INFORMATION SUPPLIED.
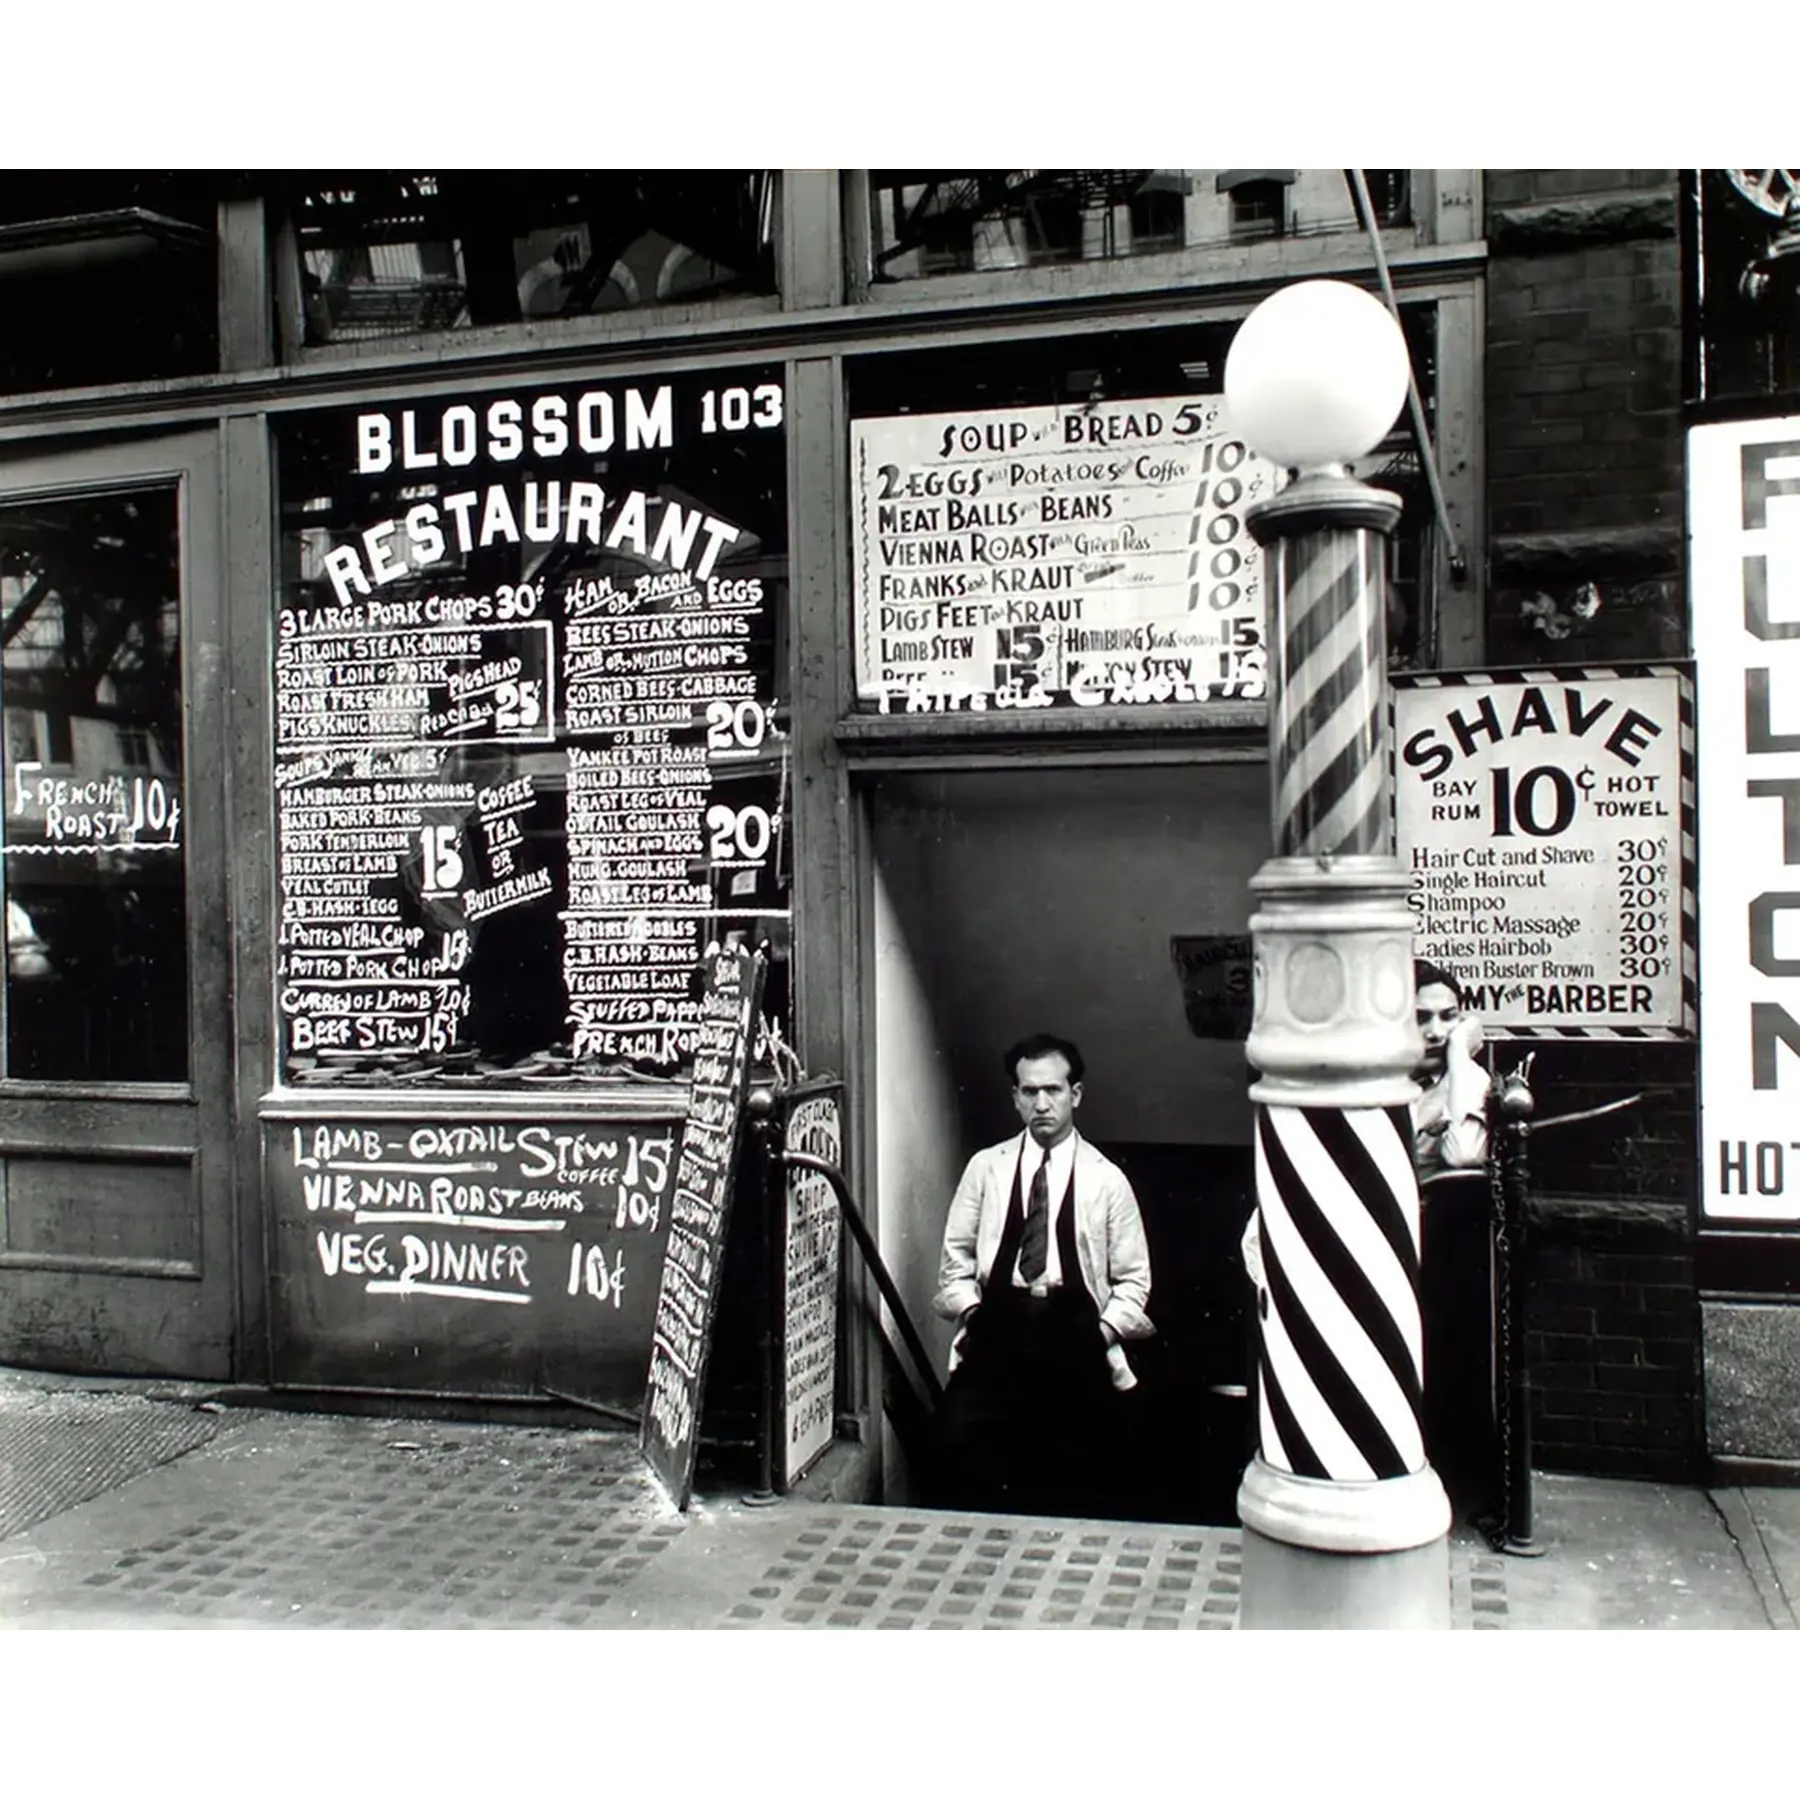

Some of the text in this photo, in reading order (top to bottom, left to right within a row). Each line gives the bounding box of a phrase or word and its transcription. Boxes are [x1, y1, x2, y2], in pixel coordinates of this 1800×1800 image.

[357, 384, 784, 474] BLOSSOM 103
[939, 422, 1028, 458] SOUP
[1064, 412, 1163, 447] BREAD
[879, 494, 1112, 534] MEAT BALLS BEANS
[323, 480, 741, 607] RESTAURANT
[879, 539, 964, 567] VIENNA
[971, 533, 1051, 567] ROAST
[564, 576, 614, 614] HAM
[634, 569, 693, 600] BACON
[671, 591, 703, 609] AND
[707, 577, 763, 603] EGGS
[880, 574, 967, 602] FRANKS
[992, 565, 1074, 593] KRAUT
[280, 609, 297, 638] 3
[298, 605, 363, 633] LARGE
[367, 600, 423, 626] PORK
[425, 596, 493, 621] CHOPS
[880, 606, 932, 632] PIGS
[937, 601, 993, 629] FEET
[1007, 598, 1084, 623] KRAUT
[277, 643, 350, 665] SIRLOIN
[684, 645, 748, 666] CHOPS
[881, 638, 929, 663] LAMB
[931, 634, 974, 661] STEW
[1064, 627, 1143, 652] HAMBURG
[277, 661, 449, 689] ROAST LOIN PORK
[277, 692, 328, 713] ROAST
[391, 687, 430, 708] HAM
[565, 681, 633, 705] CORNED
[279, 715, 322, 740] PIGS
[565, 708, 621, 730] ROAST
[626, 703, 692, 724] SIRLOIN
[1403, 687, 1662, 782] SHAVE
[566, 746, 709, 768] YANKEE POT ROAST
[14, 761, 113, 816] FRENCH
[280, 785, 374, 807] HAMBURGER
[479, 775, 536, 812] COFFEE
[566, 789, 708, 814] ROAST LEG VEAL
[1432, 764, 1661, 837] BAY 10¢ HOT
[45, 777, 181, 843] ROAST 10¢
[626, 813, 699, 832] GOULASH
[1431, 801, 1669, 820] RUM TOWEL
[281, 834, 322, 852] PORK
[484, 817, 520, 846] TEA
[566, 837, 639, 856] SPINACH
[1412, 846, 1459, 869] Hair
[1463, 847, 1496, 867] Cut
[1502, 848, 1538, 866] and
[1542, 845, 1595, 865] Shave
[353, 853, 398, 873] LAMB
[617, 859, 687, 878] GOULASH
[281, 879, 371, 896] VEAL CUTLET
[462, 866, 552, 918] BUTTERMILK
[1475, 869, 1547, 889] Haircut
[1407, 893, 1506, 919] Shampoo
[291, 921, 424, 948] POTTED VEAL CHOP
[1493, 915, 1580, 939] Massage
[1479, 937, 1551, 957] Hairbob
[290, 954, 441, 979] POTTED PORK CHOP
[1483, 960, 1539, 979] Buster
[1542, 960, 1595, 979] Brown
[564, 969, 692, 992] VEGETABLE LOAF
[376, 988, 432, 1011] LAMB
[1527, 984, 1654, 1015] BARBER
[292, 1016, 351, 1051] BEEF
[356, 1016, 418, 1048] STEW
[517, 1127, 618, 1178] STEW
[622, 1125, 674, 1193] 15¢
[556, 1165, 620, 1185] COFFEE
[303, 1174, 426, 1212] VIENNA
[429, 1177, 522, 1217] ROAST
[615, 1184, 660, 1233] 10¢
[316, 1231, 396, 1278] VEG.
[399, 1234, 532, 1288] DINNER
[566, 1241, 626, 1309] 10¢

REQUIREMENT.
Your reply should be the full data above, copied exactly, with no pictures in it.

YOUR SOLUTION.
Some of the text in this photo, in reading order (top to bottom, left to right within a row). Each line gives the bounding box of a phrase or word and its transcription. Boxes are [x1, y1, x2, y2], in pixel coordinates of this 1800×1800 image.

[357, 384, 784, 474] BLOSSOM 103
[939, 422, 1028, 458] SOUP
[1064, 412, 1163, 447] BREAD
[879, 494, 1112, 534] MEAT BALLS BEANS
[323, 480, 741, 607] RESTAURANT
[879, 539, 964, 567] VIENNA
[971, 533, 1051, 567] ROAST
[564, 576, 614, 614] HAM
[634, 569, 693, 600] BACON
[671, 591, 703, 609] AND
[707, 577, 763, 603] EGGS
[880, 574, 967, 602] FRANKS
[992, 565, 1074, 593] KRAUT
[280, 609, 297, 638] 3
[298, 605, 363, 633] LARGE
[367, 600, 423, 626] PORK
[425, 596, 493, 621] CHOPS
[880, 606, 932, 632] PIGS
[937, 601, 993, 629] FEET
[1007, 598, 1084, 623] KRAUT
[277, 643, 350, 665] SIRLOIN
[684, 645, 748, 666] CHOPS
[881, 638, 929, 663] LAMB
[931, 634, 974, 661] STEW
[1064, 627, 1143, 652] HAMBURG
[277, 661, 449, 689] ROAST LOIN PORK
[277, 692, 328, 713] ROAST
[391, 687, 430, 708] HAM
[565, 681, 633, 705] CORNED
[279, 715, 322, 740] PIGS
[565, 708, 621, 730] ROAST
[626, 703, 692, 724] SIRLOIN
[1403, 687, 1662, 782] SHAVE
[566, 746, 709, 768] YANKEE POT ROAST
[14, 761, 113, 816] FRENCH
[280, 785, 374, 807] HAMBURGER
[479, 775, 536, 812] COFFEE
[566, 789, 708, 814] ROAST LEG VEAL
[1432, 764, 1661, 837] BAY 10¢ HOT
[45, 777, 181, 843] ROAST 10¢
[626, 813, 699, 832] GOULASH
[1431, 801, 1669, 820] RUM TOWEL
[281, 834, 322, 852] PORK
[484, 817, 520, 846] TEA
[566, 837, 639, 856] SPINACH
[1412, 846, 1459, 869] Hair
[1463, 847, 1496, 867] Cut
[1502, 848, 1538, 866] and
[1542, 845, 1595, 865] Shave
[353, 853, 398, 873] LAMB
[617, 859, 687, 878] GOULASH
[281, 879, 371, 896] VEAL CUTLET
[462, 866, 552, 918] BUTTERMILK
[1475, 869, 1547, 889] Haircut
[1407, 893, 1506, 919] Shampoo
[291, 921, 424, 948] POTTED VEAL CHOP
[1493, 915, 1580, 939] Massage
[1479, 937, 1551, 957] Hairbob
[290, 954, 441, 979] POTTED PORK CHOP
[1483, 960, 1539, 979] Buster
[1542, 960, 1595, 979] Brown
[564, 969, 692, 992] VEGETABLE LOAF
[376, 988, 432, 1011] LAMB
[1527, 984, 1654, 1015] BARBER
[292, 1016, 351, 1051] BEEF
[356, 1016, 418, 1048] STEW
[517, 1127, 618, 1178] STEW
[622, 1125, 674, 1193] 15¢
[556, 1165, 620, 1185] COFFEE
[303, 1174, 426, 1212] VIENNA
[429, 1177, 522, 1217] ROAST
[615, 1184, 660, 1233] 10¢
[316, 1231, 396, 1278] VEG.
[399, 1234, 532, 1288] DINNER
[566, 1241, 626, 1309] 10¢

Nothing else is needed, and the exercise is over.